Biocatalytic esterification of citronellol with lauric acid by immobilized lipase on aminopropyl-grafted mesoporous SBA-15

Mesoporous SBA-15 was synthesized under acidic condition at 40 °C with a non-ionic triblock copolymer (P123) as the template. The synthesis gel composition used was 1 SiO₂:0.017 P123:2.9 HCl:202.6 H₂O. Functionalization of SBA-15 with 3-aminopropyltriethoxysilane (APTES) by post-synthesis method was performed under reflux for 2 h.

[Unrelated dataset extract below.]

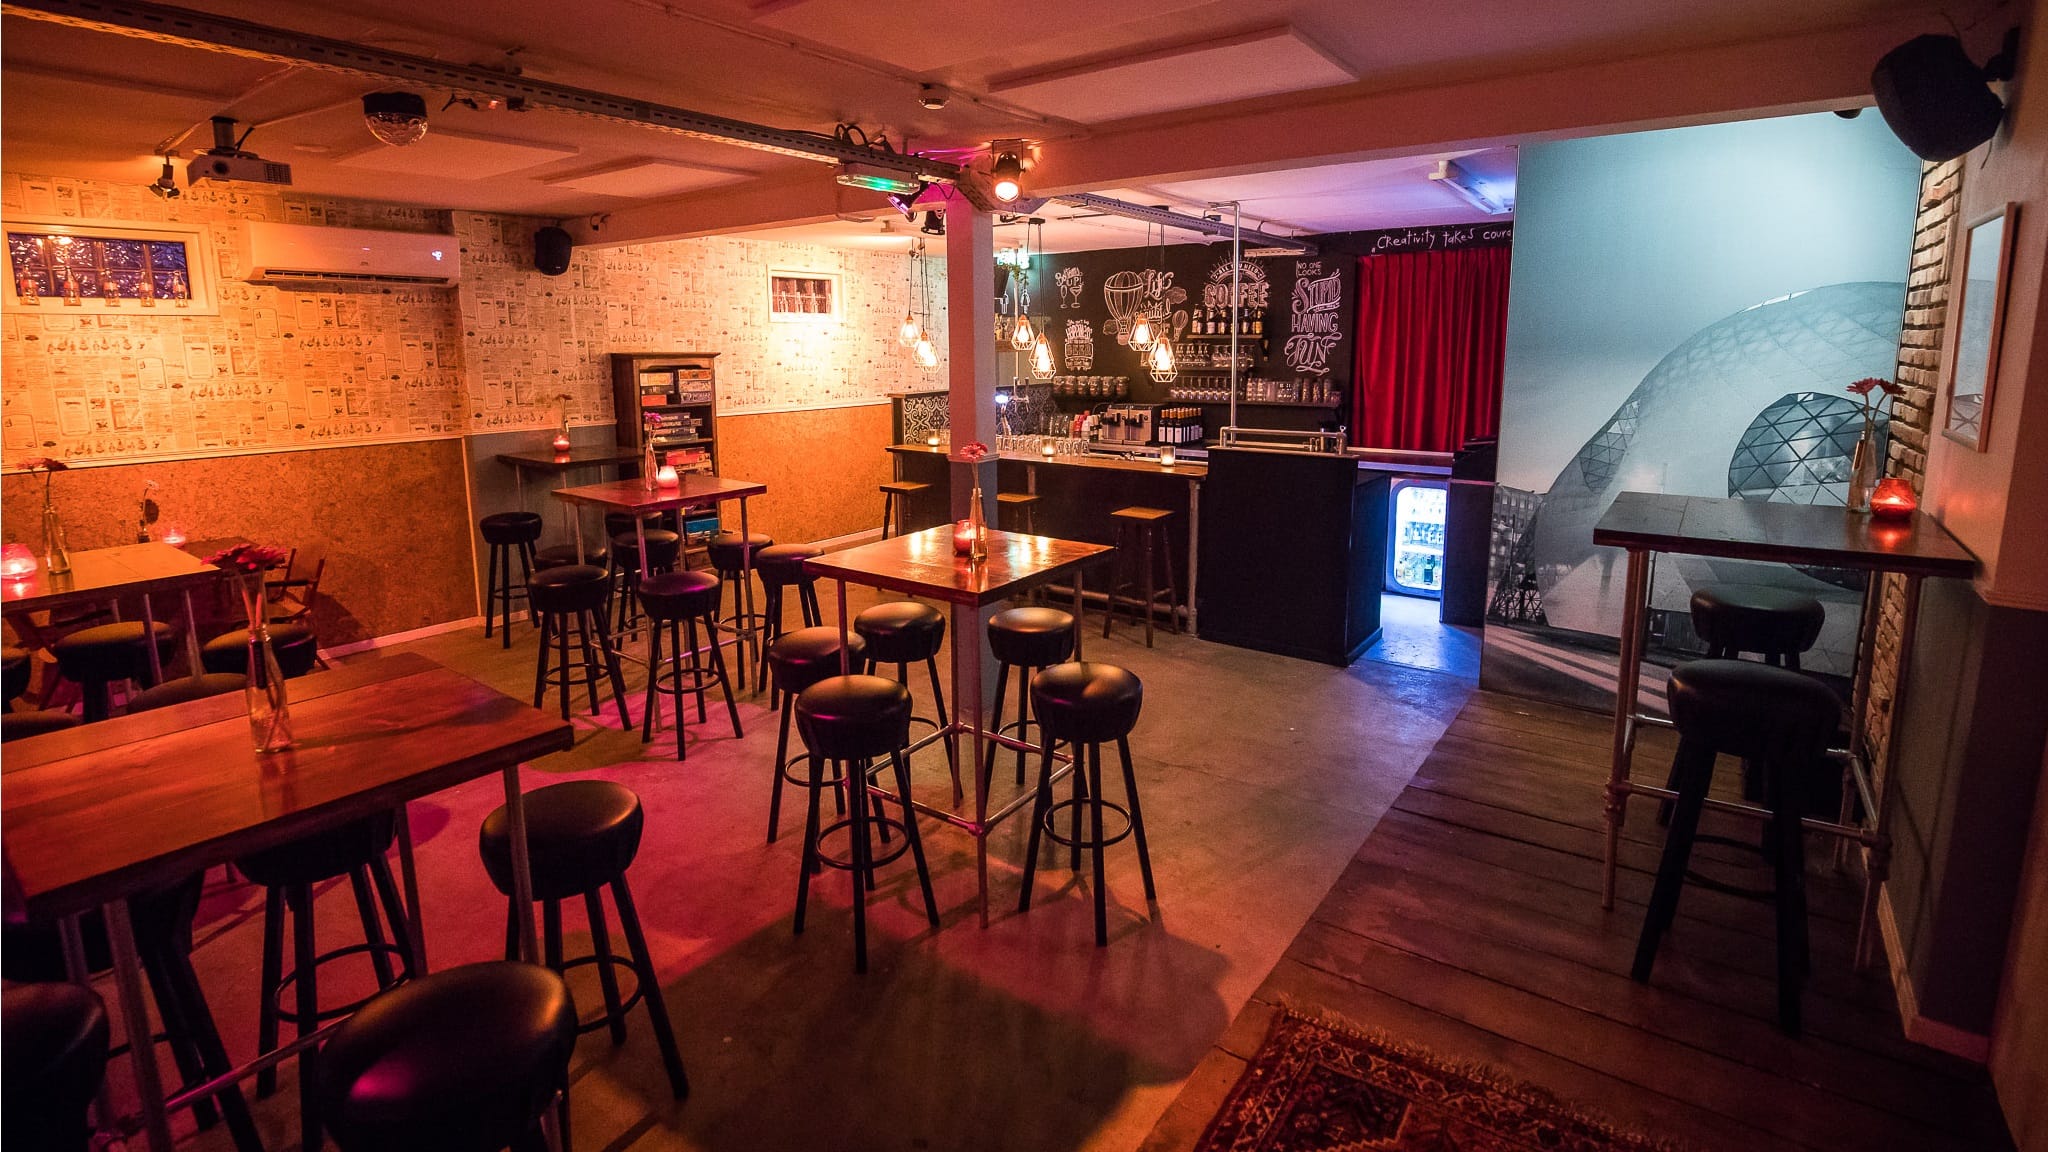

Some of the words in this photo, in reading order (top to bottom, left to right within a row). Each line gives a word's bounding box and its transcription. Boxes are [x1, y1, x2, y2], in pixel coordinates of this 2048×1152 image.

The mesoporous samples were characterized using Fourier transform infrared (FT-IR), nitrogen adsorption, transmission electron microscopy (TEM) and scanning electron microscopy (SEM). They were then utilized as supports for the immobilization of lipase to be subsequently used for the esterification of citronellol and lauric acid. Leaching and reusability tests were also conducted on the immobilized enzymes. Functionalization resulted in about 10% improvement in enzyme loading, leading to higher activity. The immobilized enzyme was also more stable to low pH and high temperature while showing better retention (up to 95%) of enzyme molecules. Immobilized lipase maintained 90% of its esterification activity in non-aqueous system even after 4 cycles of use. The improvements were associated with enhanced surface hydrophobicity, changes in pore shapes and stronger enzyme–support interactions with minimal effects to the enzymatic activity.